Learning to Select Variables in SAS: Using KEEP and DROP Statements


The process of data preparation often requires the user to select specific subsets of variables from a larger existing dataset. In SAS, this crucial task of variable management is efficiently handled using the KEEP and DROP statements within the DATA step. These powerful statements allow analysts to streamline their data structures, improving computational performance, enhancing data security by removing sensitive fields, and simplifying subsequent analysis by focusing only on relevant attributes. Understanding the nuances of when and how to deploy KEEP versus DROP is fundamental to effective SAS programming.

While both statements achieve the goal of creating a new, reduced dataset based on an existing source, they operate on conceptually opposite principles. The KEEP statement functions as an inclusion mechanism, explicitly listing every variable that must be preserved in the output dataset, with all unlisted variables automatically discarded. Conversely, the DROP statement acts as an exclusion mechanism, explicitly listing only those variables that should be removed or ignored, thereby retaining all other variables present in the source dataset. Mastering this distinction allows the programmer to choose the most efficient and readable approach for any given subsetting requirement.

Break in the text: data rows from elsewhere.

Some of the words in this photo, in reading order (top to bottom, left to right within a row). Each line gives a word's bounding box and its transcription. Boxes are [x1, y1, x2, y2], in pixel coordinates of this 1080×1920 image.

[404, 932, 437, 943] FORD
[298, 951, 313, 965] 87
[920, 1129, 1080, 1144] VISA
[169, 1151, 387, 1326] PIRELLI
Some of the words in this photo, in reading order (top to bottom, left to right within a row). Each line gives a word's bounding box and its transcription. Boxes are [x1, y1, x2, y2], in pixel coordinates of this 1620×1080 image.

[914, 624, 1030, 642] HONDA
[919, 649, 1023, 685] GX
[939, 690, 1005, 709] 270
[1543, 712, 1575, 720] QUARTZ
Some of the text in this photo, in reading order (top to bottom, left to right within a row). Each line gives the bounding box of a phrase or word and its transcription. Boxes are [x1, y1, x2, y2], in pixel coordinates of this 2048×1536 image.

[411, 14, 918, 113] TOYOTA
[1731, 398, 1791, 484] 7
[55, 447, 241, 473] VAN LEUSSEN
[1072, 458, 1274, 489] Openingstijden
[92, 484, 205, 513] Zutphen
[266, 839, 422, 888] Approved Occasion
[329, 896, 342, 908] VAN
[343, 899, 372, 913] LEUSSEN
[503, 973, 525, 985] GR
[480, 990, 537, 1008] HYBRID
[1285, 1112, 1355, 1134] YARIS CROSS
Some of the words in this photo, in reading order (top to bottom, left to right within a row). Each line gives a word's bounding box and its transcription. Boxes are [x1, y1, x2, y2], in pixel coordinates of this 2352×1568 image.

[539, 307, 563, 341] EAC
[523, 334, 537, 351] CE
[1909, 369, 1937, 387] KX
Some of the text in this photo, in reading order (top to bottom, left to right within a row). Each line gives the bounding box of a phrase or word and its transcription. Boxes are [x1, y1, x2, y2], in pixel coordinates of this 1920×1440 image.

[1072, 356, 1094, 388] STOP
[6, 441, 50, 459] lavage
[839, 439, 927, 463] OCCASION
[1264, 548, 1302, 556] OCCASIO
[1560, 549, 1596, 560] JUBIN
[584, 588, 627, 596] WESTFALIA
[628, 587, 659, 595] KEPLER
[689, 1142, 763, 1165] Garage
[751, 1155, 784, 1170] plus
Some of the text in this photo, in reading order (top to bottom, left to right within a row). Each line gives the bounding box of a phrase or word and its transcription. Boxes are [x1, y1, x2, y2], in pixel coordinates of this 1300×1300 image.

The Core Syntax of KEEP and DROP Statements

Both the KEEP and DROP statements are typically placed immediately after the SET statement within the DATA step. This placement ensures that the instructions for variable retention or exclusion are processed during the compilation phase, optimizing how SAS handles the data records as they are read from the input dataset and written to the new output dataset. Adhering to this standard syntax structure is vital for maintaining clean and predictable code flow in SAS environments.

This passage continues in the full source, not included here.